Andererseits senkt das langfristige mobile Arbeiten auch die emotionale Bindung zum Unternehmen. Man kennt es mittlerweile aus Teamcalls oder digitalen Betriebsfeiern – die Kamera ist schnell ausgeschaltet und man kann die Stimmung einer gemeinsamen Runde einfach nicht ersetzen. Personalverantwortliche dürfen gerade jetzt nicht nur fürs Jahresfeedback, administrative Angelegenheiten, Onboarding oder Kündigungen mit den Mitarbeitenden ins Gespräch kommen. Kurze Check-Ins, in denen die Stimmung im Team abgefragt wird, können bei gesunder Führung unterstützen. Es gilt also, regelmäßige Anlässe für eine positive Kommunikation zu schaffen. So können bestehende Benefits beispielsweise für wöchentliche Updates oder interne Challenges genutzt werden.
Wohlbefinden der Teams als Priorität
Die Ursache vieler Probleme sind die neuen Arbeitsbedingungen selbst. Hier ist die Kernfrage: Wie wird die Gesundheit der Mitarbeitenden beim mobilen Arbeiten sichergestellt? Für eine wirklich zufriedenstellende Lösung können Homeoffice-Budgets mit Wellbeing-Lösungen gekoppelt werden. So können sich Mitarbeitende beispielsweise über das Budget höhenverstellbare Tische für zuhause bestellen. Die Wellbeing-Angebote sollten wiederum für alle Mitarbeitenden gelten und auch praktikabel sein. So müssen sie nicht nur fürs Büro und Homeoffice, sondern oft auch für gewerbliche Mitarbeitende in Schichtarbeit funktionieren – Stichwort Flexibilität.

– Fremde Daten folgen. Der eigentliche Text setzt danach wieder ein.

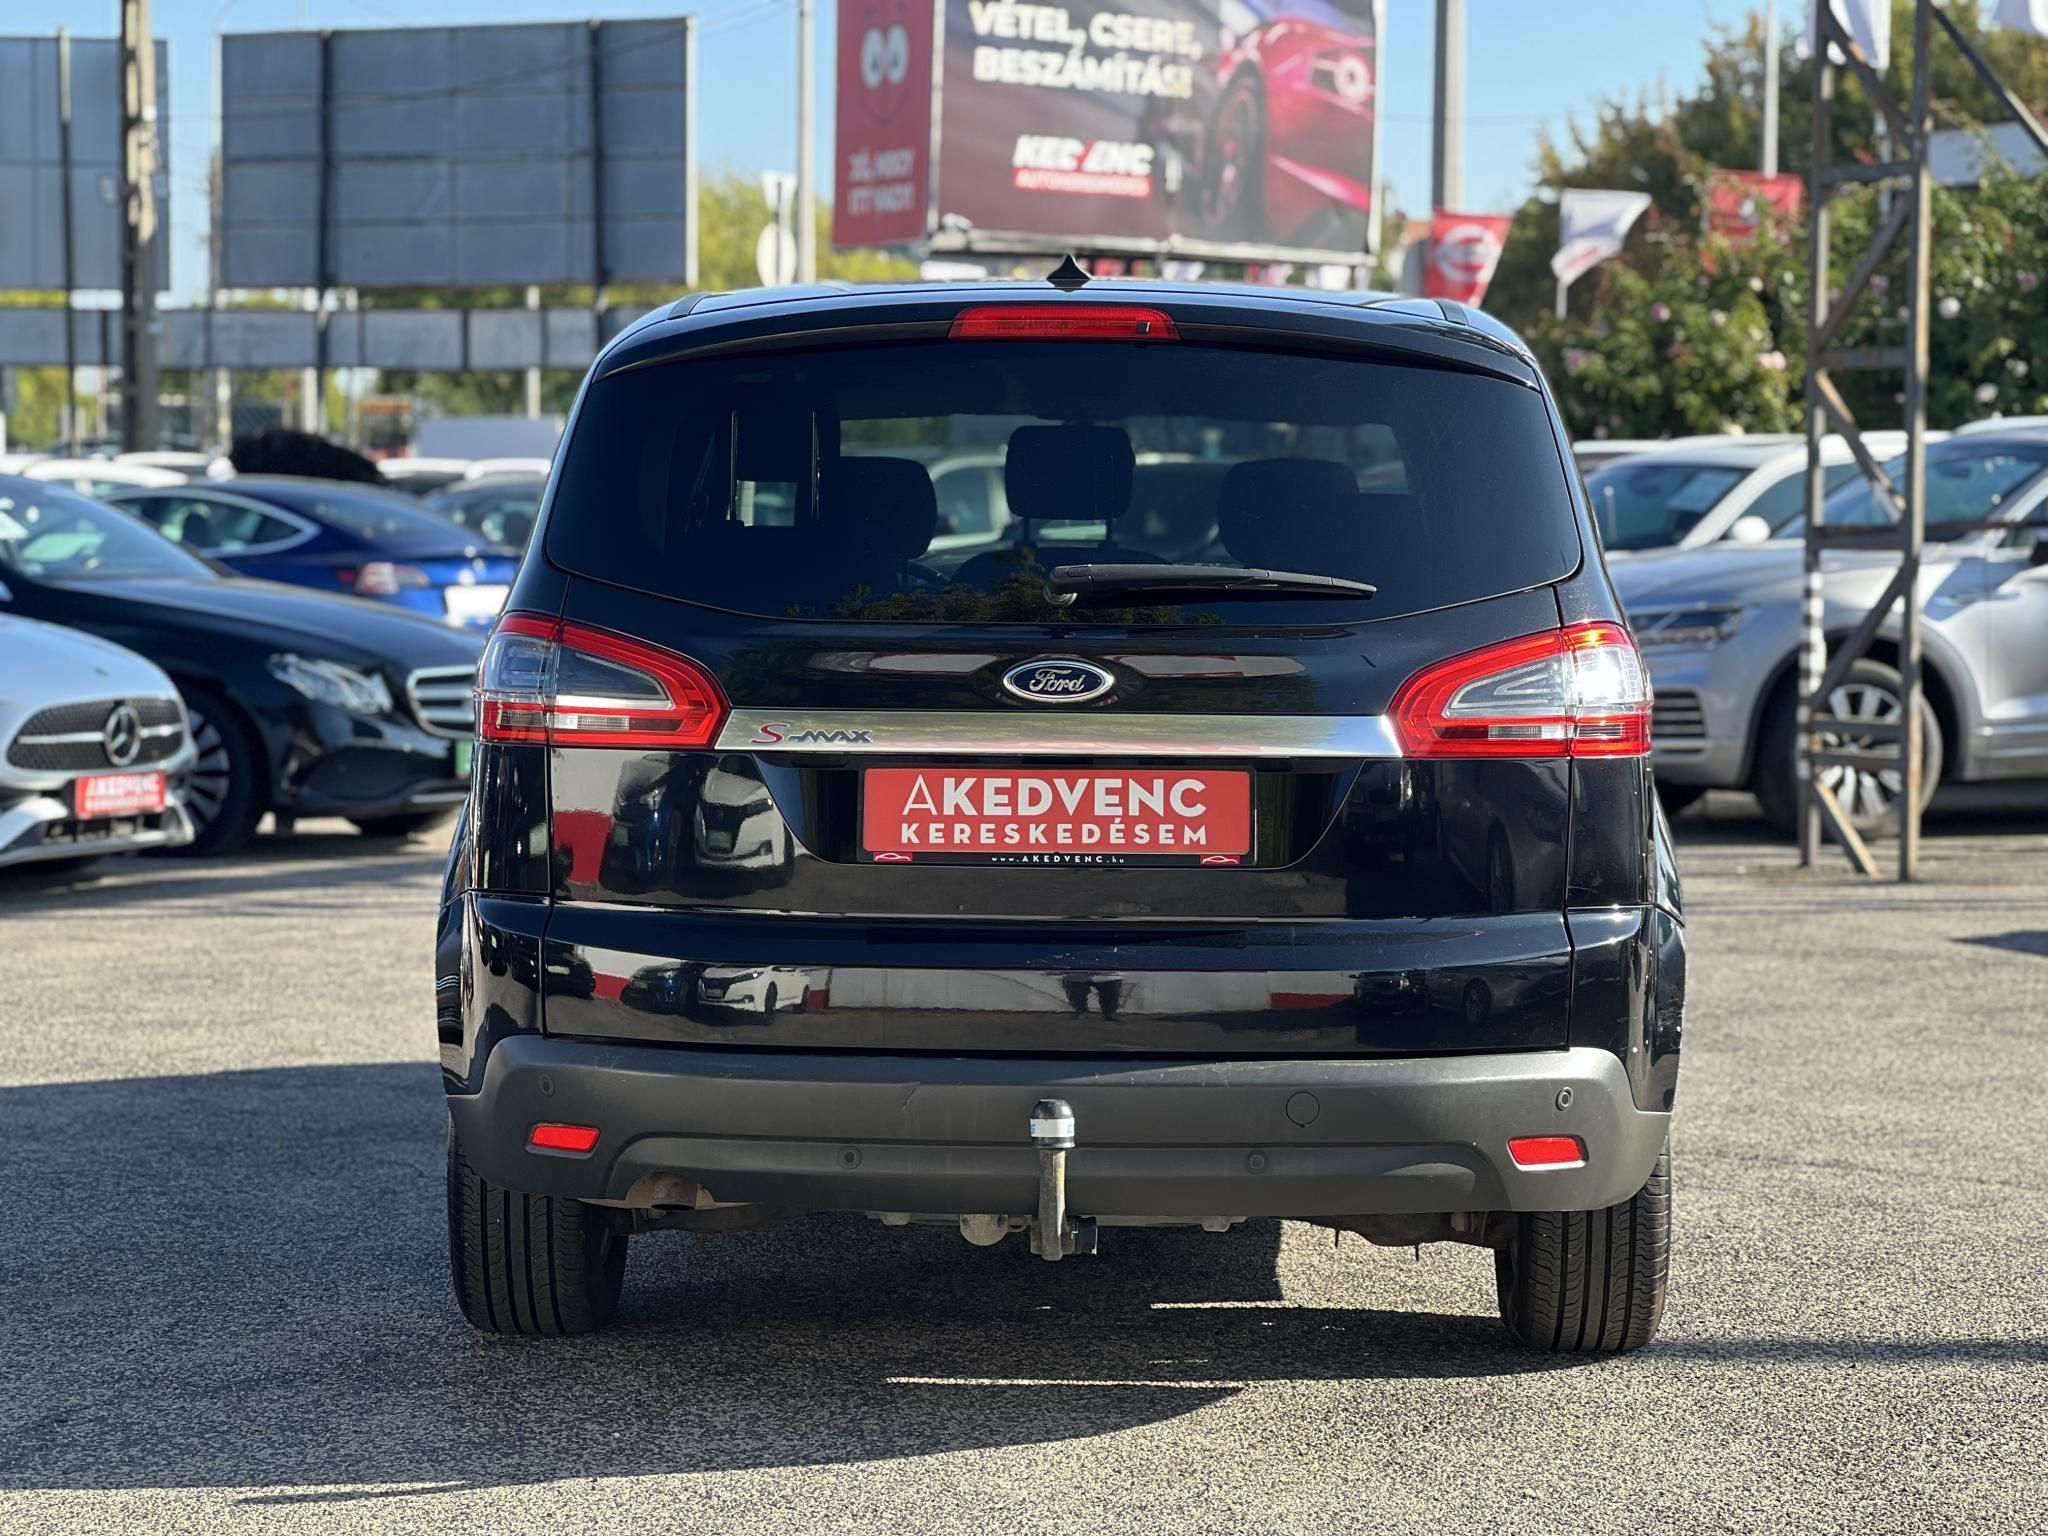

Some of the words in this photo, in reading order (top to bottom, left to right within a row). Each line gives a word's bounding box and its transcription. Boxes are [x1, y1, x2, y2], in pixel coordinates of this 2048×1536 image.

In einer Studie haben wir festgestellt: Zwei Drittel der Arbeitnehmenden in Deutschland wünschen sich mehr Unternehmensverantwortung für die eigene Gesundheit. Das Wohlbefinden zahlt sich dabei direkt auf die Zufriedenheit, emotionale Bindung, Motivation und Produktivität der Teams aus. So schätzen rund neun von zehn Arbeitnehmende ihr Wohlbefinden als wichtig für die Produktivität ein. Mit Verantwortung und echtem Interesse kann so auch das Vertrauen der Mitarbeitenden gewonnen und gehalten werden. Beispielsweise indem die langfristige und tatsächliche Nutzung von Gesundheitsmaßnahmen immer wieder angeregt wird. Wir arbeiten verstärkt mit der Einbindung von Führungskräften und positiver Incentivierung. Hier reicht es oft schon, den Wettkampfgeist zu wecken.

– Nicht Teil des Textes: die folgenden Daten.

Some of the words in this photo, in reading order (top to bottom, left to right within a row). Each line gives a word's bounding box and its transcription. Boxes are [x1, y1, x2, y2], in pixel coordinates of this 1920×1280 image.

Die Zukunft der HR-Abteilung
Eine optimale HR-Abteilung schafft optimale Arbeitsbedingungen in einer optimalen Arbeitsatmosphäre. Dies zieht automatisch Talente an, die sich in den positiven kununu- und Glassdoor-Bewertungen bestätigt fühlen. Es geht darum, eine kulturschaffende Institution im Unternehmen zu sein – hier spielen die definierten und gelebten Werte eine entscheidende Rolle. Ein kleiner Test: Fragen Sie in Ihrem nächsten internen Meeting einfach mal, was die eigenen Unternehmenswerte sind? Viele kennen sie nicht, diese im Berufsalltag zu leben, ist dann natürlich noch schwieriger. Für Personalverantwortliche sollte zudem nicht wichtig sein, an alten Regeln, Strukturen und Systemen à la „das haben wir schon immer so gemacht” festzuhalten. Die neuen Arbeitsbedingungen können die Rolle der HR also nicht nur verändern, sondern stellen auch eine große Chance dar: Gemeinsam mit den Mitarbeitenden die Zukunft des eigenen Unternehmens gestalten.